EXERCISE DATA:
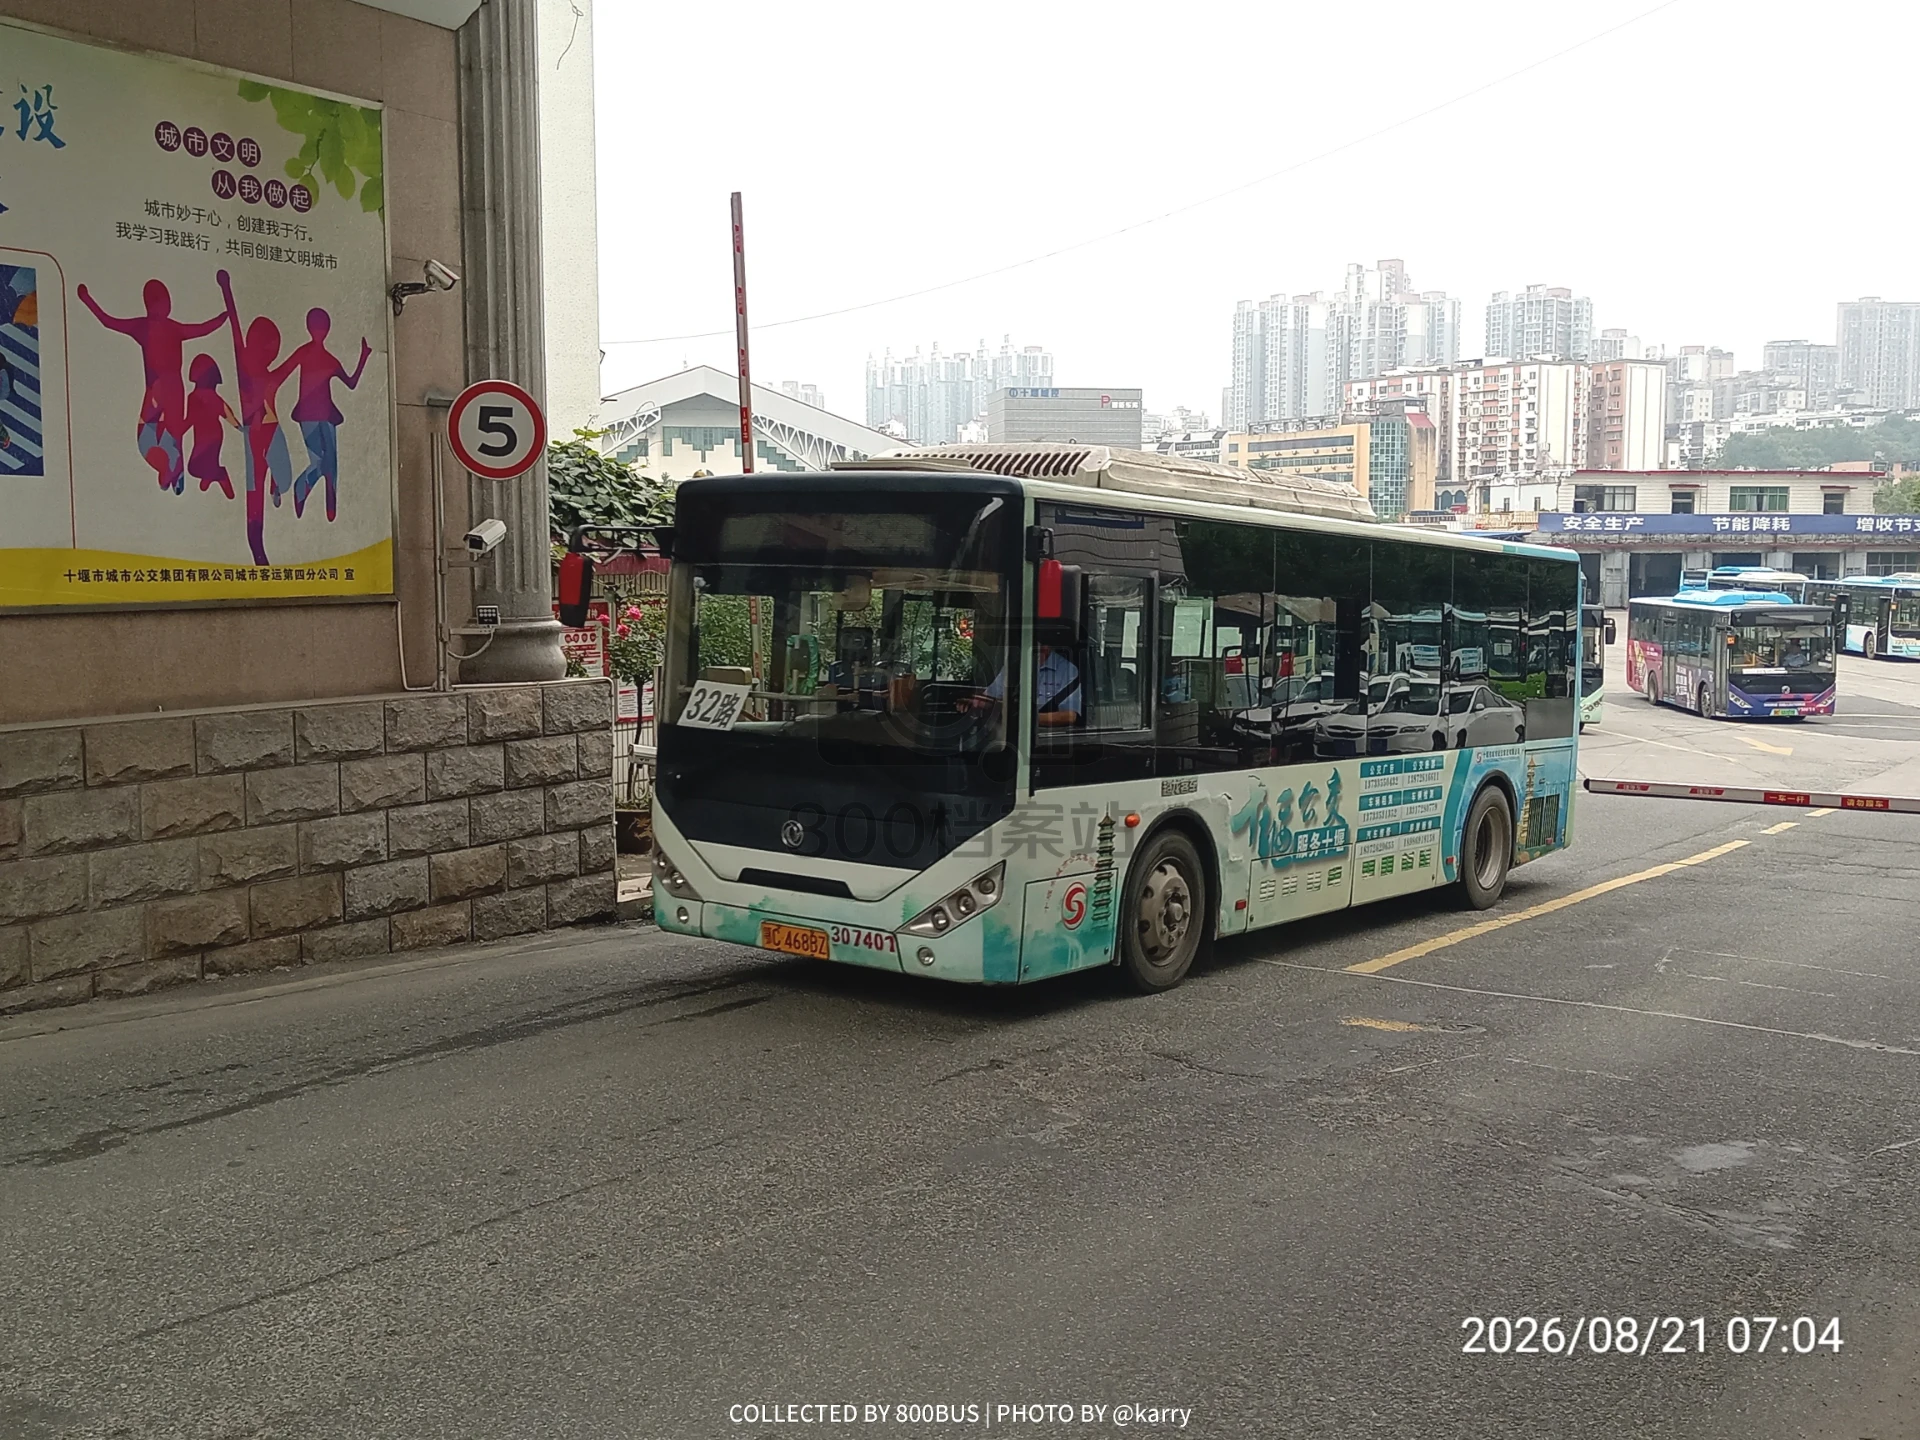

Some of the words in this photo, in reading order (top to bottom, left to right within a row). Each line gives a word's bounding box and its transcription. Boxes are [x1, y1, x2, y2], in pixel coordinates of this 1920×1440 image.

[0, 84, 66, 148] 设
[158, 124, 258, 164] 城市文明
[214, 172, 309, 210] 从我做起
[116, 221, 338, 270] 我学习我践行，共同创建文明城市
[477, 405, 518, 457] 5
[1562, 516, 1644, 531] 安全生产
[1712, 516, 1790, 531] 节能降耗
[64, 568, 339, 583] 十堰市城市公交集团有限公司城市客运第四分公司
[344, 569, 354, 581] 宣
[687, 688, 740, 728] 32路
[1370, 764, 1394, 775] 公交广告
[1769, 794, 1805, 804] 一车一杆
[1846, 798, 1884, 808] 请勿跟车
[1296, 828, 1345, 859] 服务十堰
[831, 926, 896, 953] 307401

TO DO: What is needed is an exact printout of every record above, with the pictures left out.

RESULT FOR THIS EXERCISE:
Some of the words in this photo, in reading order (top to bottom, left to right within a row). Each line gives a word's bounding box and its transcription. Boxes are [x1, y1, x2, y2], in pixel coordinates of this 1920×1440 image.

[0, 84, 66, 148] 设
[158, 124, 258, 164] 城市文明
[214, 172, 309, 210] 从我做起
[116, 221, 338, 270] 我学习我践行，共同创建文明城市
[477, 405, 518, 457] 5
[1562, 516, 1644, 531] 安全生产
[1712, 516, 1790, 531] 节能降耗
[64, 568, 339, 583] 十堰市城市公交集团有限公司城市客运第四分公司
[344, 569, 354, 581] 宣
[687, 688, 740, 728] 32路
[1370, 764, 1394, 775] 公交广告
[1769, 794, 1805, 804] 一车一杆
[1846, 798, 1884, 808] 请勿跟车
[1296, 828, 1345, 859] 服务十堰
[831, 926, 896, 953] 307401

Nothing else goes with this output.